Records from a collection:
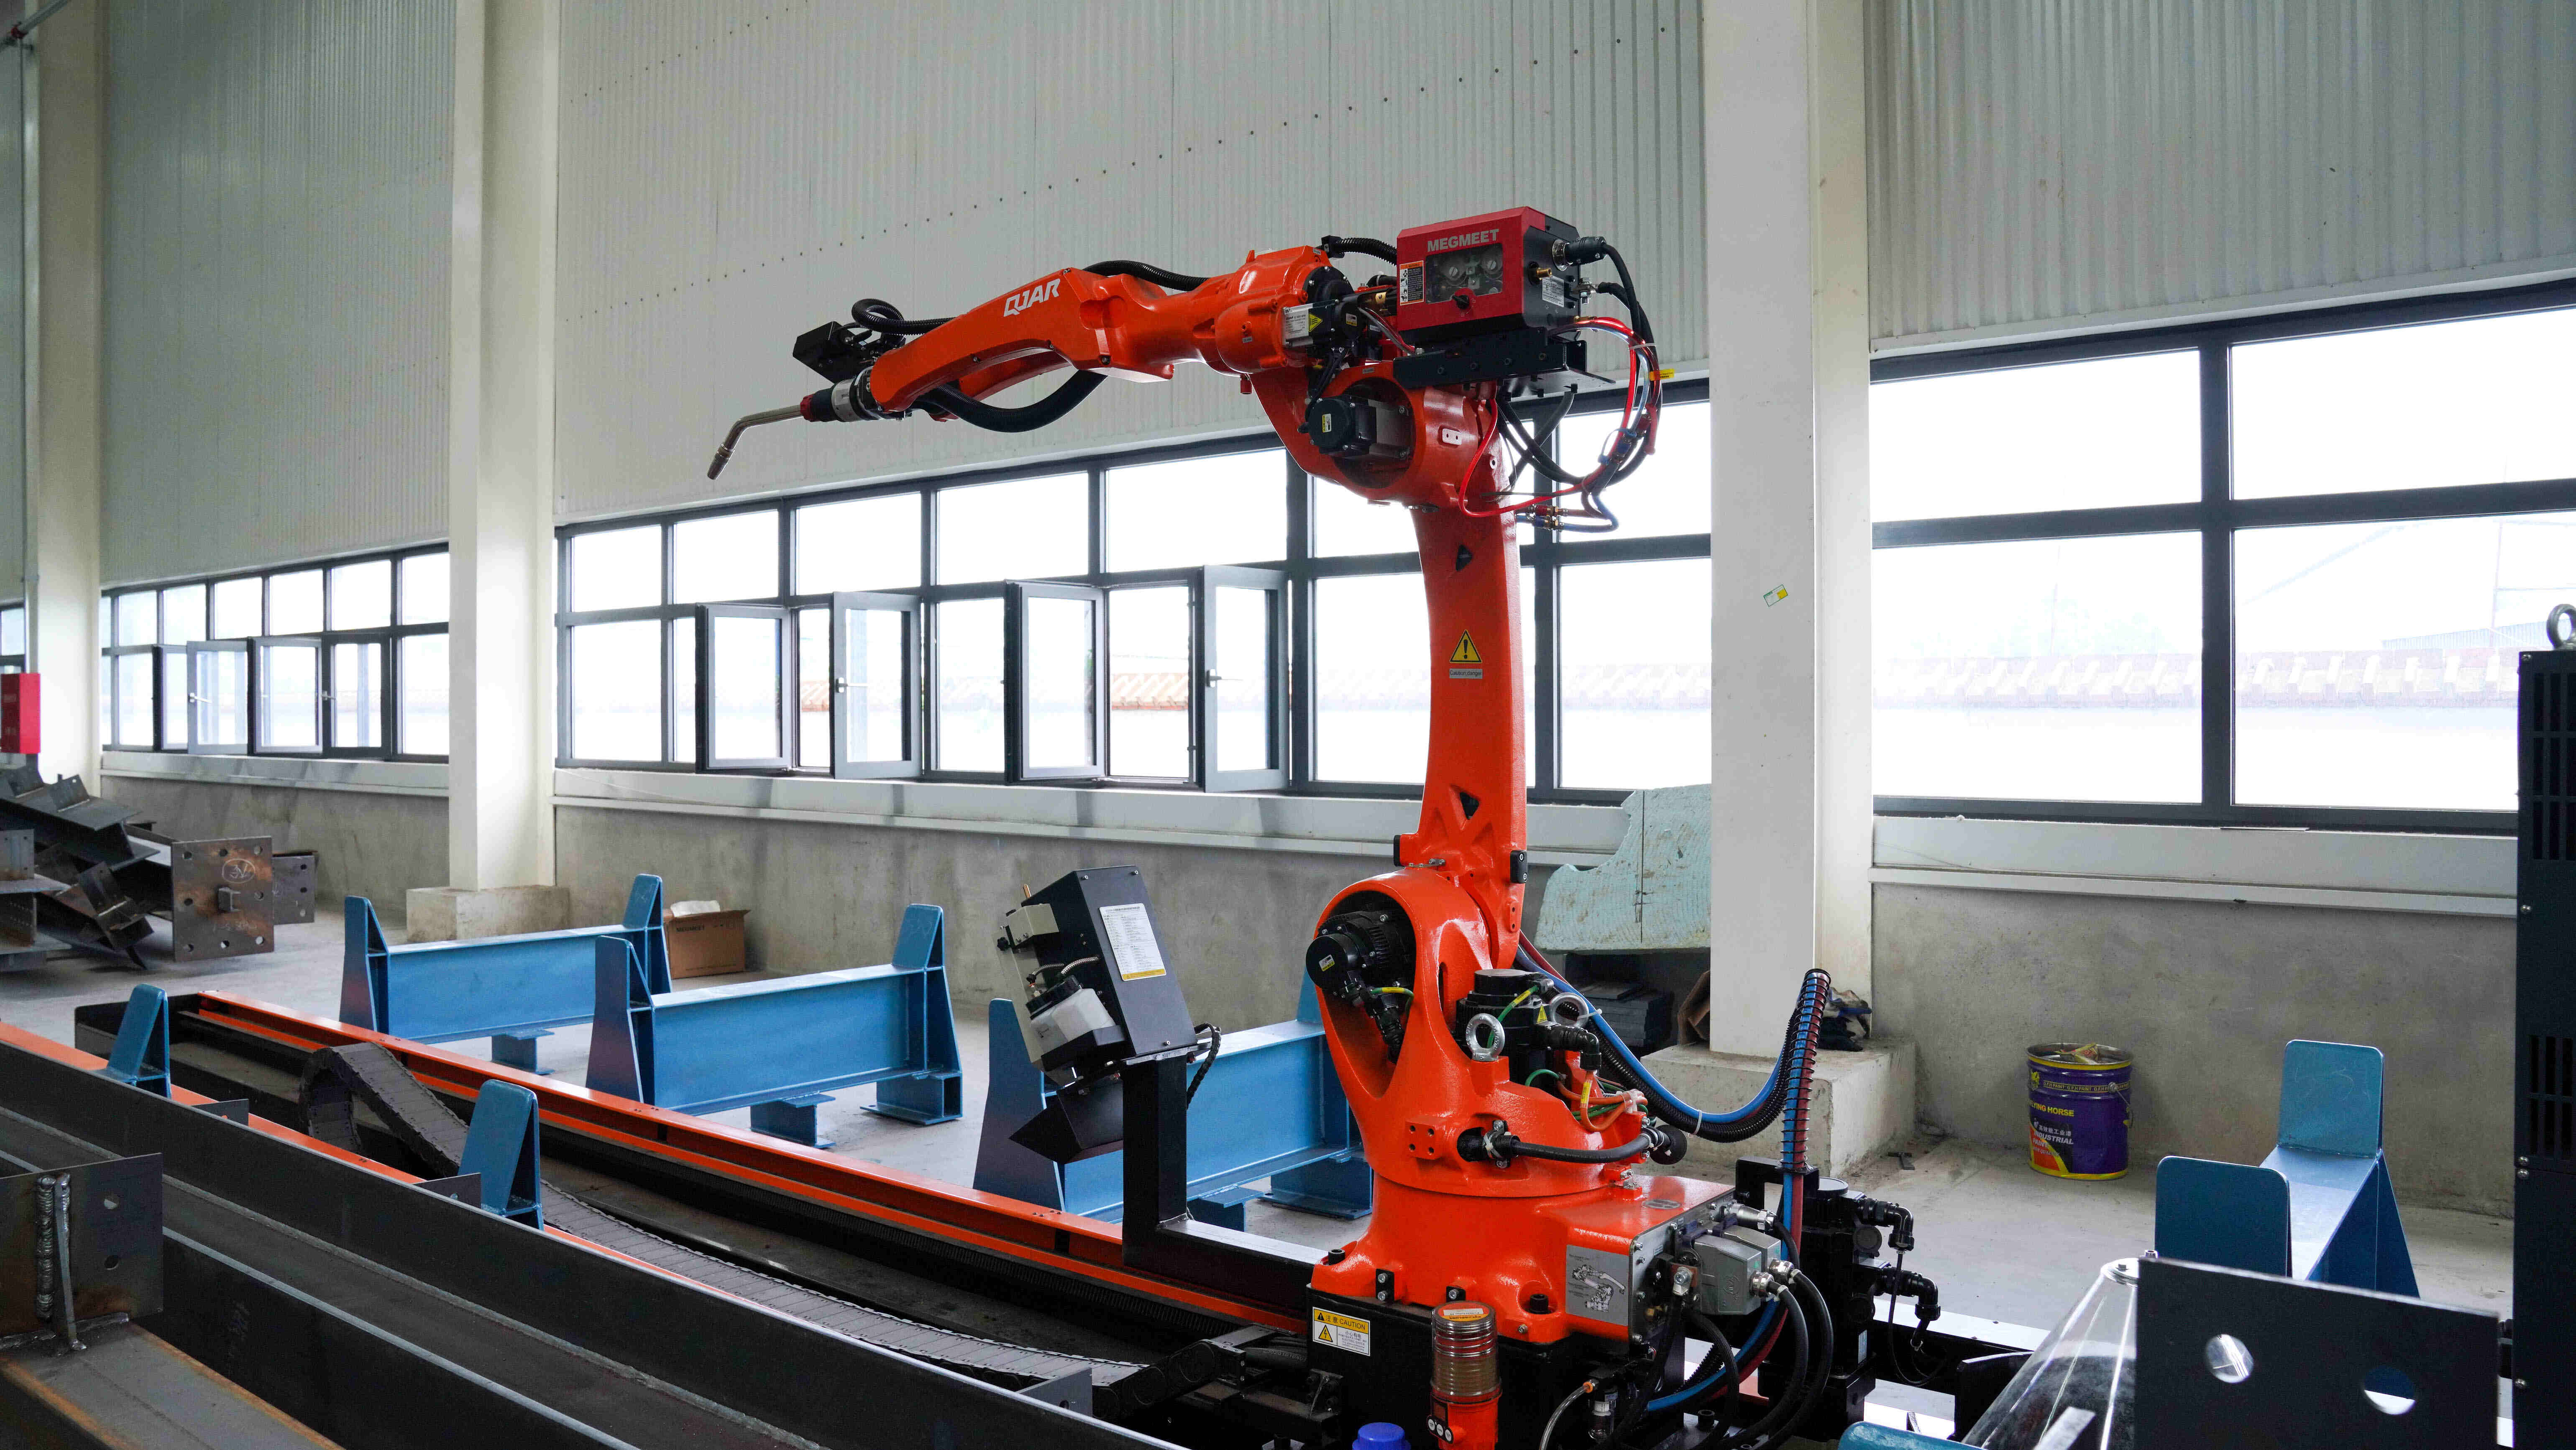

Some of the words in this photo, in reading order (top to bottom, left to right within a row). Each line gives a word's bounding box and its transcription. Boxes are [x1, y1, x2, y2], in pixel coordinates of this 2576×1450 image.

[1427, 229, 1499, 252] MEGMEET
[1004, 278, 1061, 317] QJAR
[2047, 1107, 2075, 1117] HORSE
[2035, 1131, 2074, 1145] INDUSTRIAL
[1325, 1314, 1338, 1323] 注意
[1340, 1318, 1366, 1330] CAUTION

DIRECTIONS FOR THIS TASK
Copy every line of the data word for word, omitting the images.

TASK RESULT
Some of the words in this photo, in reading order (top to bottom, left to right within a row). Each line gives a word's bounding box and its transcription. Boxes are [x1, y1, x2, y2], in pixel coordinates of this 2576×1450 image.

[1427, 229, 1499, 252] MEGMEET
[1004, 278, 1061, 317] QJAR
[2047, 1107, 2075, 1117] HORSE
[2035, 1131, 2074, 1145] INDUSTRIAL
[1325, 1314, 1338, 1323] 注意
[1340, 1318, 1366, 1330] CAUTION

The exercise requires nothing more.